Assigning generalized subcellular locations to genes from the knowledgebase and comparing assignments to experimentally-determined locations
We first mapped two GAFs downloaded from the EMBL-EBI QuickGO resource (12) using GOcats, the UniProt CV, and M2S. We filtered the gene annotations by dataset source and evidence type, resulting in separate GAFs containing annotations from the following sources: UniProt-Ensembl, and HPA. Both GAFs had the evidence type, inferred from Electronic Annotation, filtered out because it is generally considered to be the least reliable evidence type for gene annotation and in the interest of minimizing memory usage. We used this data to assess the performance of the mapping methods in their ability to assign genes to subcellular locations based on annotations from knowledgebases by comparing these assignments to those made experimentally in HPA’s localization dataset (Figure 3A). Comparison results for each gene were aggregated into 4 types: i) “complete agreement” for genes where all subcellular locations derived from the knowledgebase and the HPA dataset matched, ii) “partial agreement” for genes with at least one matching subcellular location, iii) “partial superset” for genes where knowledgebase subcellular locations are a superset of the HPA dataset, iv) "no agreement" for genes with no subcellular locations in common, and v) “no annotations” for genes in the experimental dataset that were not found in the knowledgebase.

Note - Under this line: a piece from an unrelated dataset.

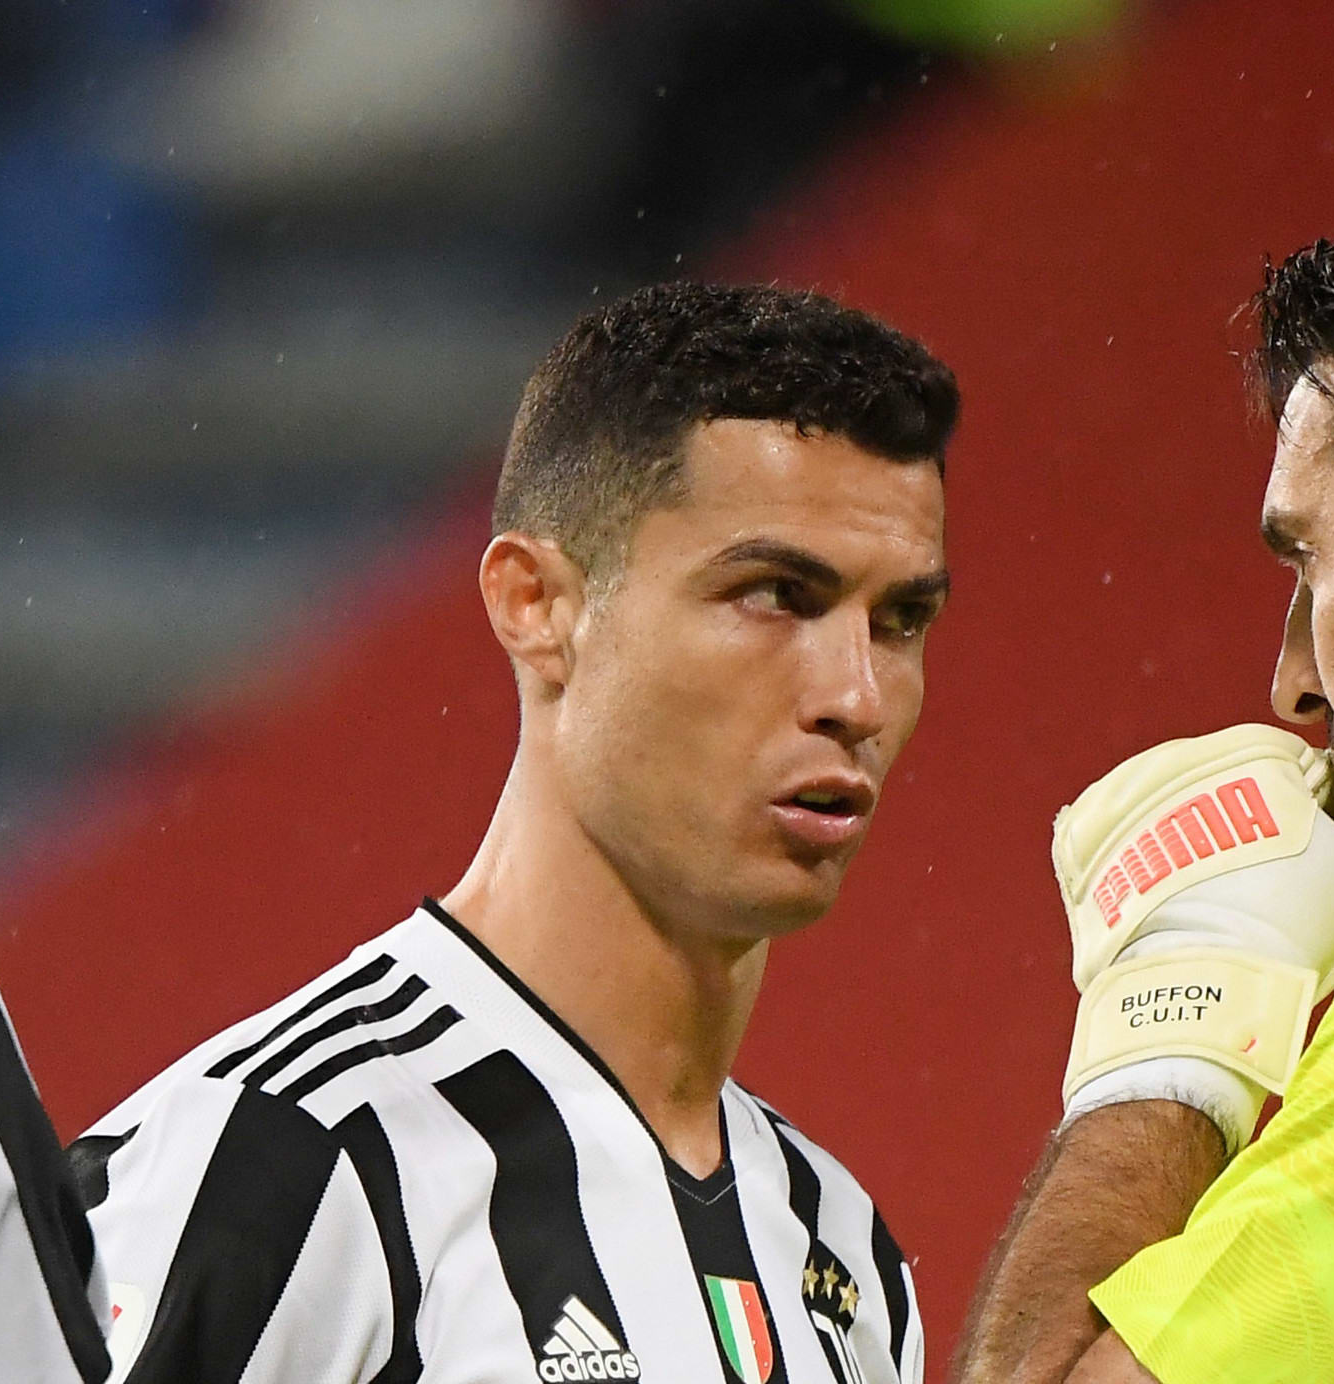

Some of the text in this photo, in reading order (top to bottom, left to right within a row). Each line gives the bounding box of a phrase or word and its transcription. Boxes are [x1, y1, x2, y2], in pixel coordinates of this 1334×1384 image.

[1093, 776, 1280, 929] PUMA
[1121, 985, 1222, 1013] BUFFON
[1129, 1005, 1208, 1029] C.U.I.T
[539, 1347, 641, 1382] adidas

Only gene product localizations from the HPA dataset with a “supportive” confidence score were used for this analysis (n=4795). We created a GO slim by looking up the corresponding GO term for each location in this dataset with the aid of QuickGO term basket and filtering tools. The resulting GO slim served as input for the creation of mapped GAFs using M2S. To create mapped GAFs using GOcats, we entered keywords related to each location in the HPA dataset (Table 4). We matched the identifier in the “gene name” column of the experimental data with the identifier in the “database object symbol” column in the GAF to compare gene annotations. Our assessment of comparing the HPA raw data to mapped gene annotations from the knowledgebase represents the ability to accurately query and mine genes and their annotations from the knowledgebase into categories of biological significance. Our assessment of comparing the methods’ mapping output to the HPA raw dataset represents the ability of these methods to evaluate the representation of HPA’s latest experimental data as it exists in public repositories.
Running time tests.
For comparing the runtimes of GOcats and M2S for categorizing HPA’s subcellular location dataset, each method was run separately on the same machine with the following configuration: Intel ® Core ™ i7-4930K CPU with 6 hyperthreaded cores clocked at 3.40GHzn and 64 GB of RAM clocked at 1866 MHz. We used the Linux “time” command with no additional options and reported the real time from its output. The datasets and scripts used can be found in our FigShare (See Availability of Data and Material). We used the dataset contained in our ScriptsDirectory/KBData/11-02-2016/hpa-no_IEA.goa for these comparisons. For M2S we executed a custom script that can be found within ScriptsDirectory/runscripts:
sh owlmultitest.sh
which ran the following command, found in the same subdirectory, 50 times:
time sh owltoolsspeedtest.sh
For GOcats, we executed a custom script that can be found within ScriptsDirectory/runscripts:
sh gcmultitest.sh
which ran the following command, found in the same subdirectory, 50 times:
time sh GOcatsspeedtest.sh
Both tests were executed using the same version of the go-core used across all other analyses performed in this work, which is data version: releases/2016-01-12.